Competition based on value cannot take place in an environment of government price controls.
Value-based competition is a catalyst for innovation.
Research and education are the underpinnings of innovation. Research, education, and public health are societal benefits that should be supported by society as a whole.
Research and education will both require more broad-based support than in the past because funding of these functions from the practice of medicine is diminishing greatly under the price-competitive practice environment.
Support for graduate medical education should be expanded beyond the Medicare program. An all-payer trust fund model should be established to support adequately graduate medical education.
The government should coordinate the competition among health insurance plans, in a manner similar to the role of the Office of Personnel Management under the FEHBP model.
The government payment for each Medicare beneficiary should be determined based on a scientifically valid risk-adjustment method in order to insure that everyone has access to available insurance plans.
The government should continue to provide support for hospitals serving rural and low income populations, as well as for research and education as previously noted.

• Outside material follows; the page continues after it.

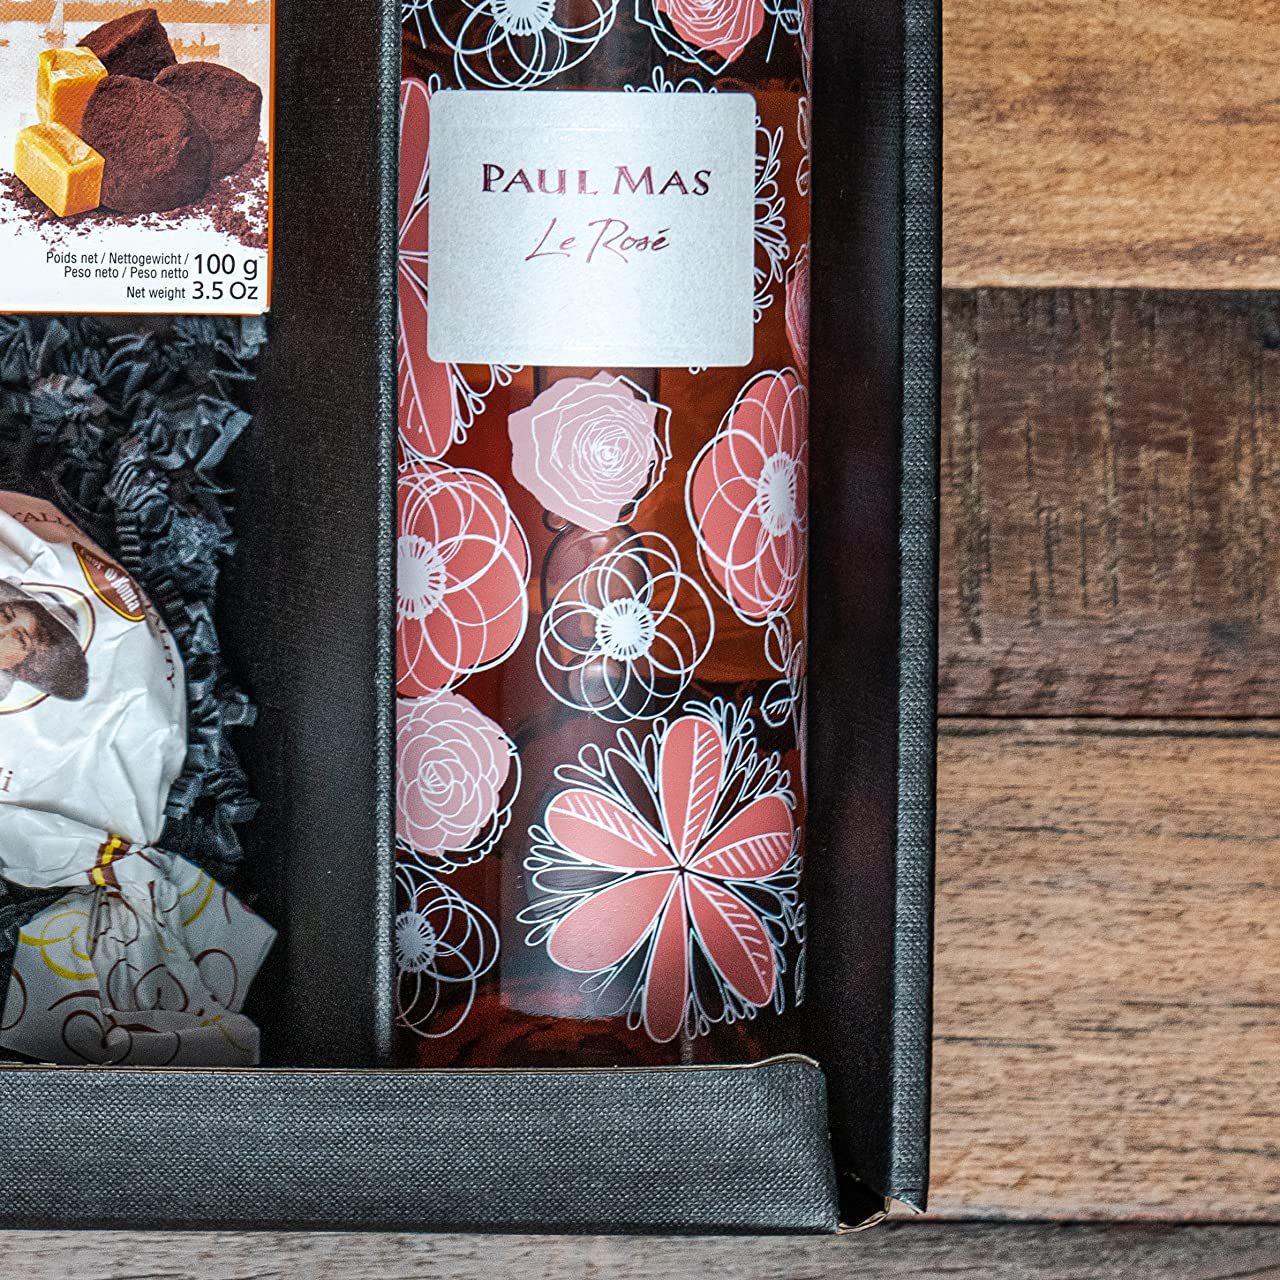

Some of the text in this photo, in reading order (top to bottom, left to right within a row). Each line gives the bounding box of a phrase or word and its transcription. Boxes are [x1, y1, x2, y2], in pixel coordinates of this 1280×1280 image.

Mayo Clinic supports a model similar to the Federal Employees Health Benefits Plan as the centerpiece of Medicare reform. We reach this conclusion based on our long-held health policy principles, and on the demographic realities. We have always supported a system that maximizes individual choice, individual decision making, and individual responsibility, yet provides a basic level of health care coverage for all. Such a system maximizes both quality and cost containment.
The demographics of the aging baby boom generation likewise demand a model that affords maximum flexibility for patients, yet provides basic coverage for all. As the ratio of elderly beneficiaries to younger workers significantly increases, the current Medicare model will no longer be viable without a significant increase in payroll taxes, which is unlikely in the current political environment. Attempting to continue to fund the current model by further reducing provider reimbursement will likewise not be viable, and puts the entire health care system at risk. In addition, the proposal would remove the government from its current bureaucratic role in which complex regulations, micromanagement, and burdensome documentation requirements breed patient and provider dissatisfaction and negatively affect patient care.
The intersection of our health policy principles and the demographic realities of Medicare is a model similar to the Federal Employees Health Benefits Plan (FEHBP). The FEHBP model includes a benchmark basic set of benefits that must be covered, maximum flexibility in benefit design, multiple choices of insurance plans and options, and a defined government contribution that can be augmented by the individual to pay for additional coverage. The model maximizes individual choice and minimizes government micromanagement of the health care system.
Mayo is not recommending expansion of Medicare to younger retirees at this time. However, we believe that the model we are recommending provides the flexibility to extend Medicare coverage to additional groups in a self-funding manner. Early retirees for example could have access to the private Medicare options, but without any government financial contribution to the premium cost.